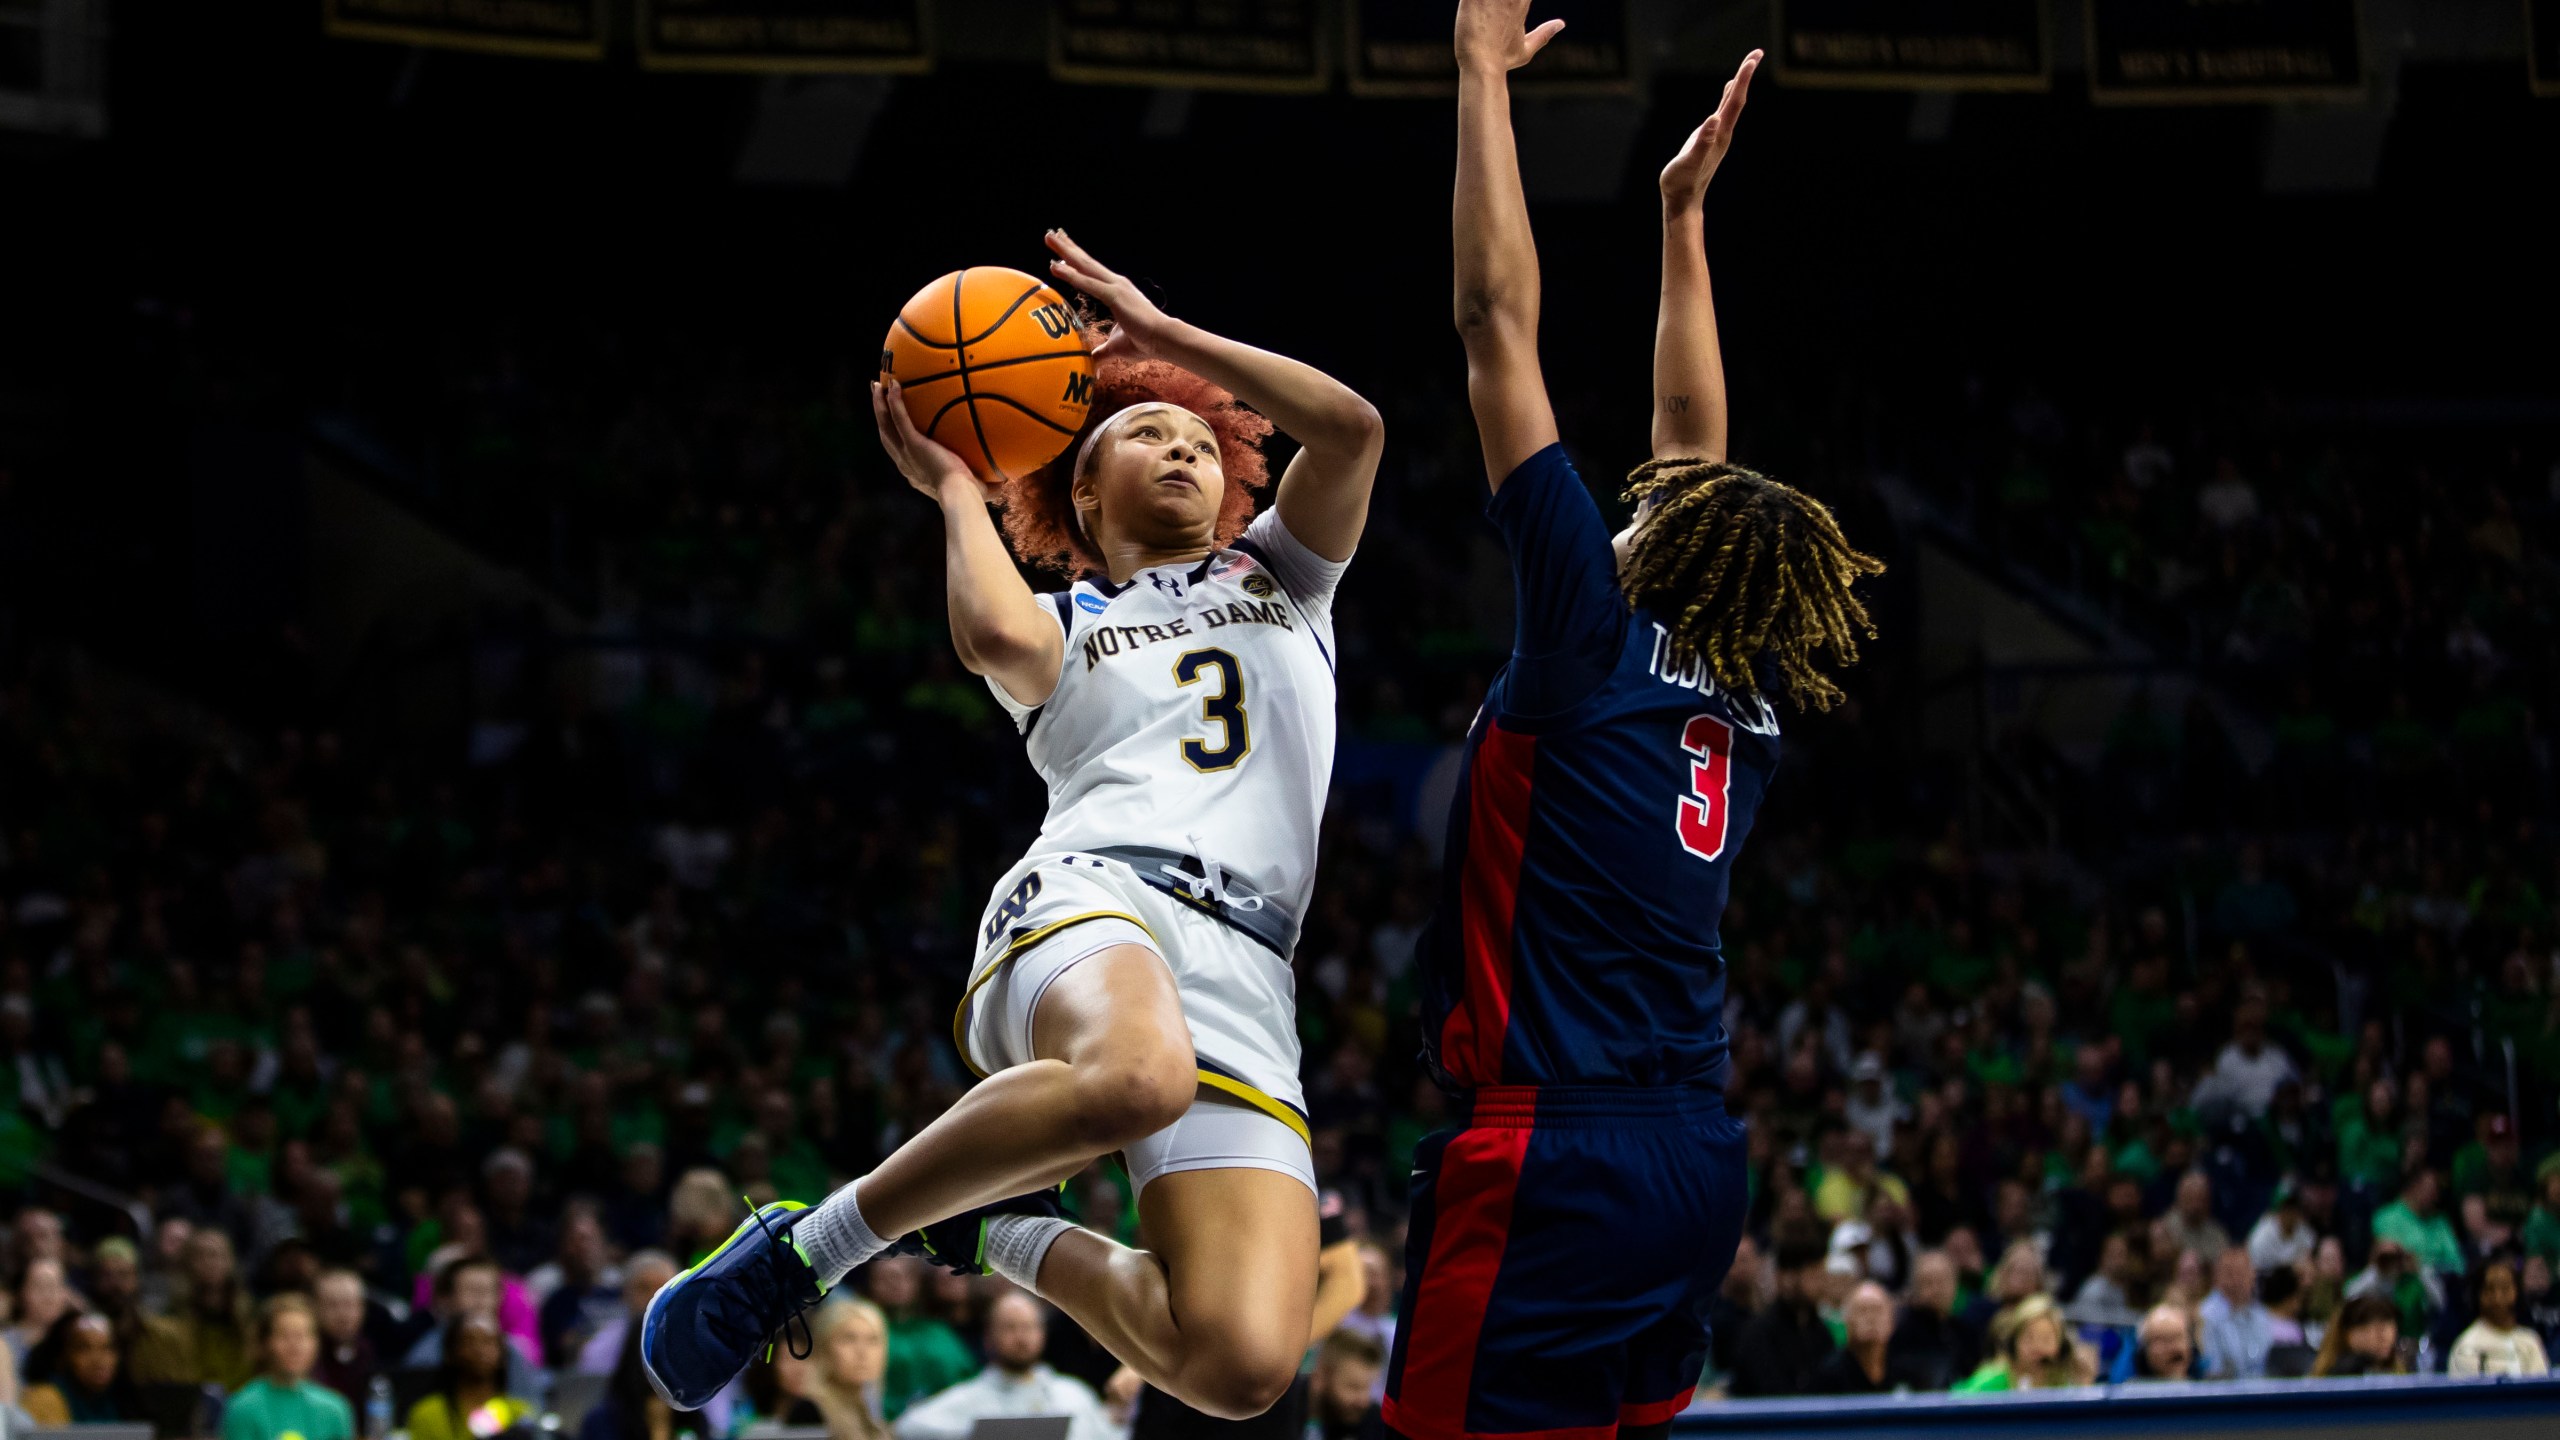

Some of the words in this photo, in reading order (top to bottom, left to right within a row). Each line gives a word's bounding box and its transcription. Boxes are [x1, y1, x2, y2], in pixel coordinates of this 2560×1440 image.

[1082, 618, 1193, 674] NOTRE
[1198, 599, 1295, 634] DAME
[1171, 646, 1252, 774] 3
[1675, 713, 1734, 863] 3
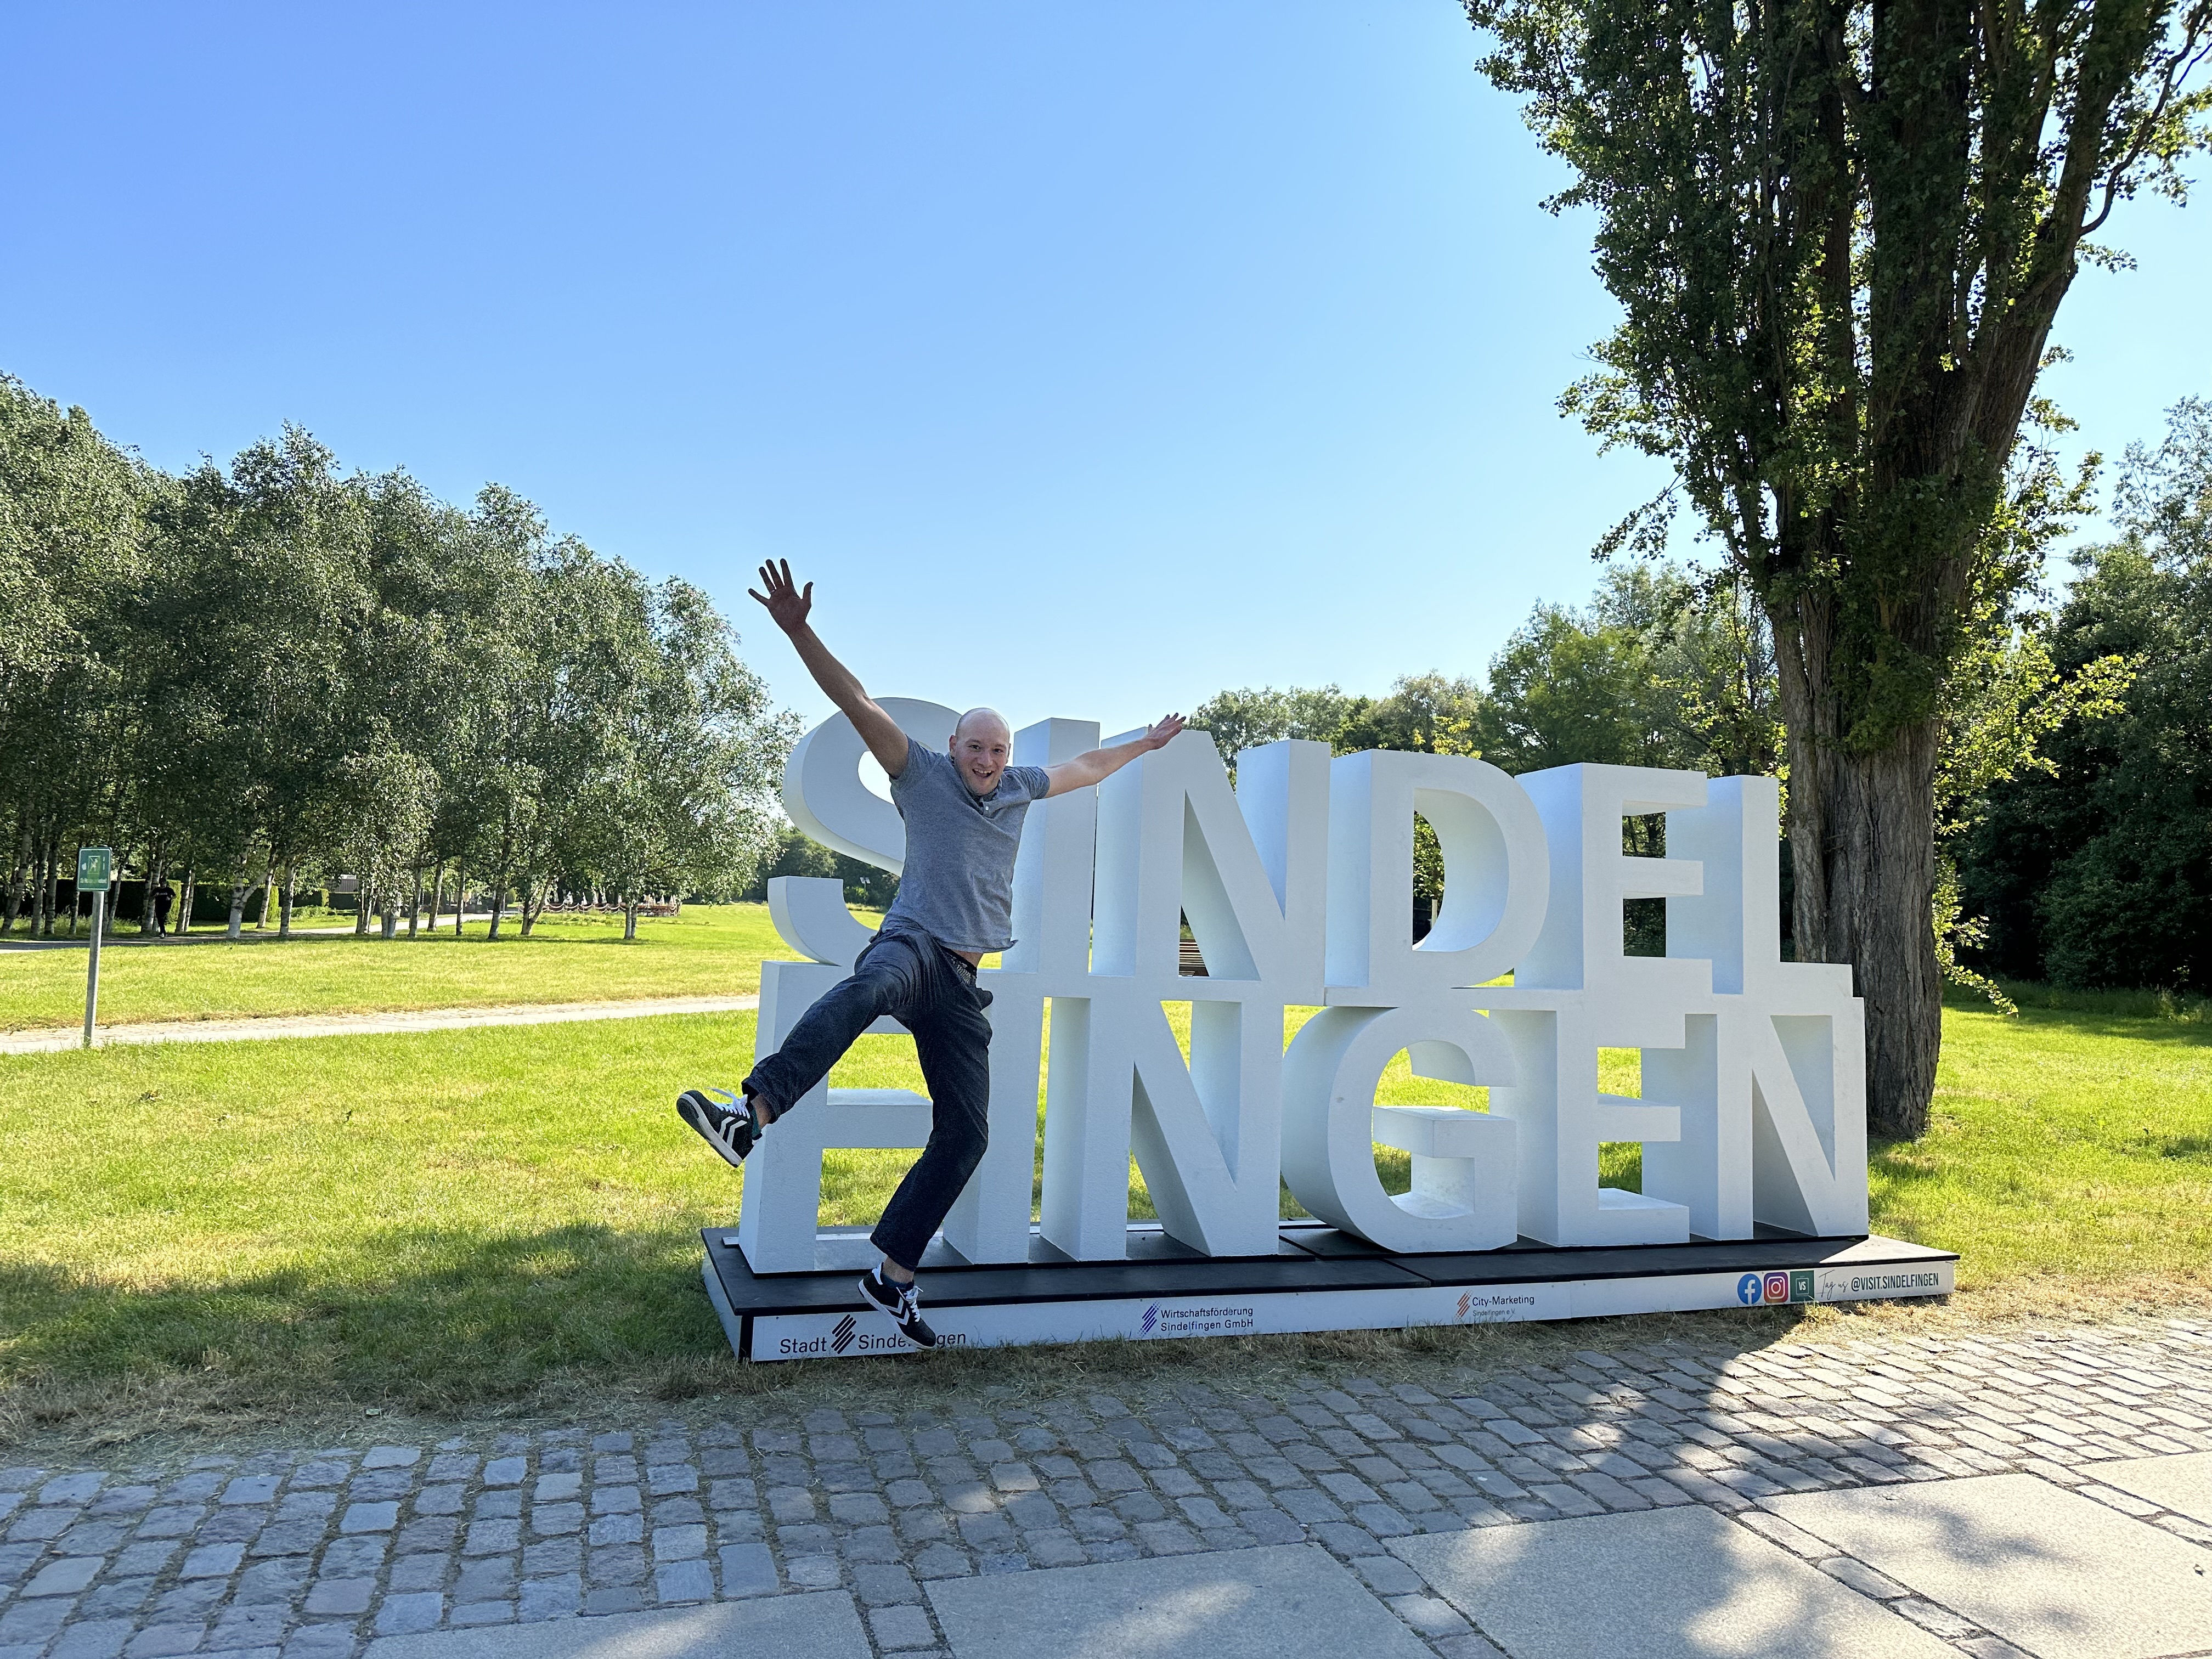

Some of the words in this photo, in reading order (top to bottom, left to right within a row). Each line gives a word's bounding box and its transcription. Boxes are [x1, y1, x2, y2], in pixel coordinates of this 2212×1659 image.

[739, 963, 1869, 1273] FINGEN
[1798, 1281, 1806, 1291] VS
[1819, 1269, 1836, 1300] Tag
[1851, 1273, 1939, 1292] @VISIT.SINDELFINGEN
[1472, 1295, 1534, 1307] City-Marketing
[1161, 1307, 1253, 1318] Wirtschaftsförderung
[1161, 1321, 1221, 1331] Sindelfingen
[1224, 1319, 1253, 1328] GmbH
[780, 1337, 827, 1354] Stadt
[858, 1333, 966, 1350] Sindegen
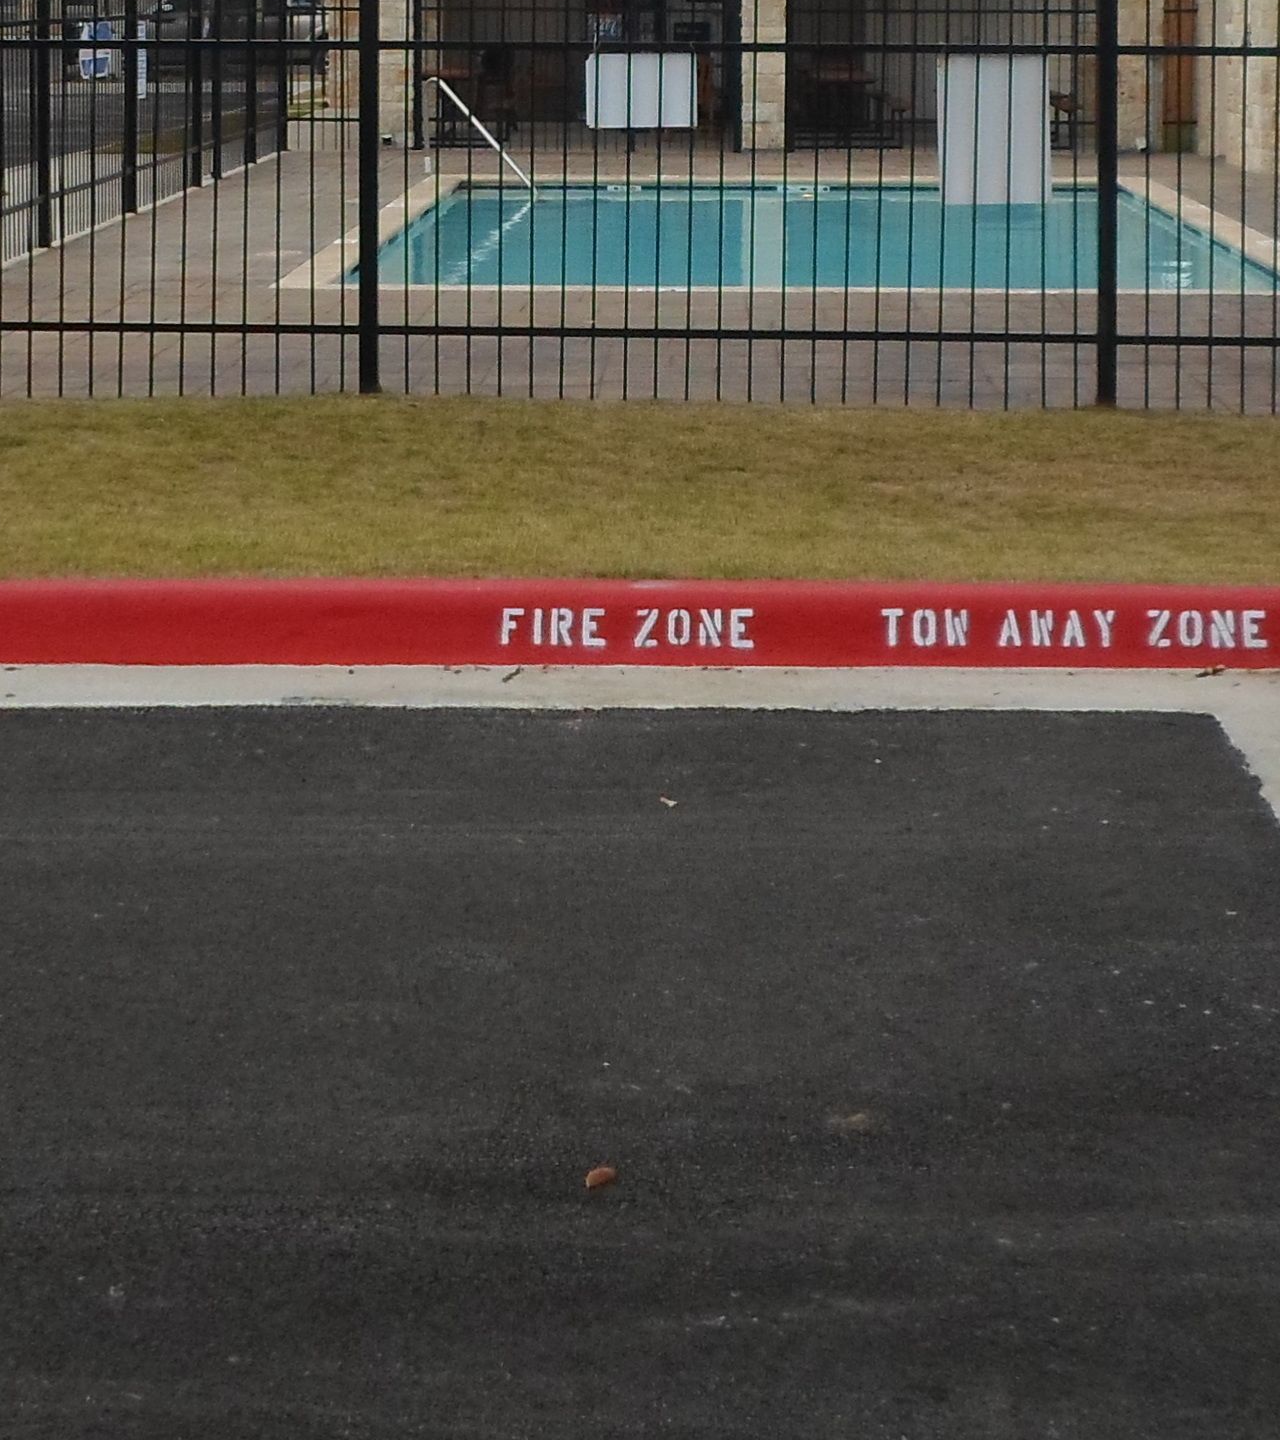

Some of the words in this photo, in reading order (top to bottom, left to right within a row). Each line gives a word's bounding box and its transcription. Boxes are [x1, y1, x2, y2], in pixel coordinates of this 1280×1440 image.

┄┄┄┄┄┄┄┄┄┄┄┄┄┄┄┄┄┄┄┄

• _WHAT THIS TASK INVOLVES_:
Would you copy out all the data exactly, without the images?

• _RESULT OF THIS EXERCISE_:
Some of the words in this photo, in reading order (top to bottom, left to right within a row). Each line gives a word's bounding box and its transcription. Boxes are [x1, y1, x2, y2], in pixel coordinates of this 2560×1440 image.

[1082, 618, 1193, 674] NOTRE
[1198, 599, 1295, 634] DAME
[1171, 646, 1252, 774] 3
[1675, 713, 1734, 863] 3

Some of the words in this photo, in reading order (top to bottom, left to right within a row). Each line gives a word's bounding box and its transcription. Boxes are [x1, y1, x2, y2], in pixel coordinates of this 2212×1659 image.

[739, 963, 1869, 1273] FINGEN
[1798, 1281, 1806, 1291] VS
[1819, 1269, 1836, 1300] Tag
[1851, 1273, 1939, 1292] @VISIT.SINDELFINGEN
[1472, 1295, 1534, 1307] City-Marketing
[1161, 1307, 1253, 1318] Wirtschaftsförderung
[1161, 1321, 1221, 1331] Sindelfingen
[1224, 1319, 1253, 1328] GmbH
[780, 1337, 827, 1354] Stadt
[858, 1333, 966, 1350] Sindegen

Some of the words in this photo, in reading order (top to bottom, left to right within a row). Each line gives a word's bounding box and its transcription. Boxes are [x1, y1, x2, y2], in pixel coordinates of this 1280×1440 image.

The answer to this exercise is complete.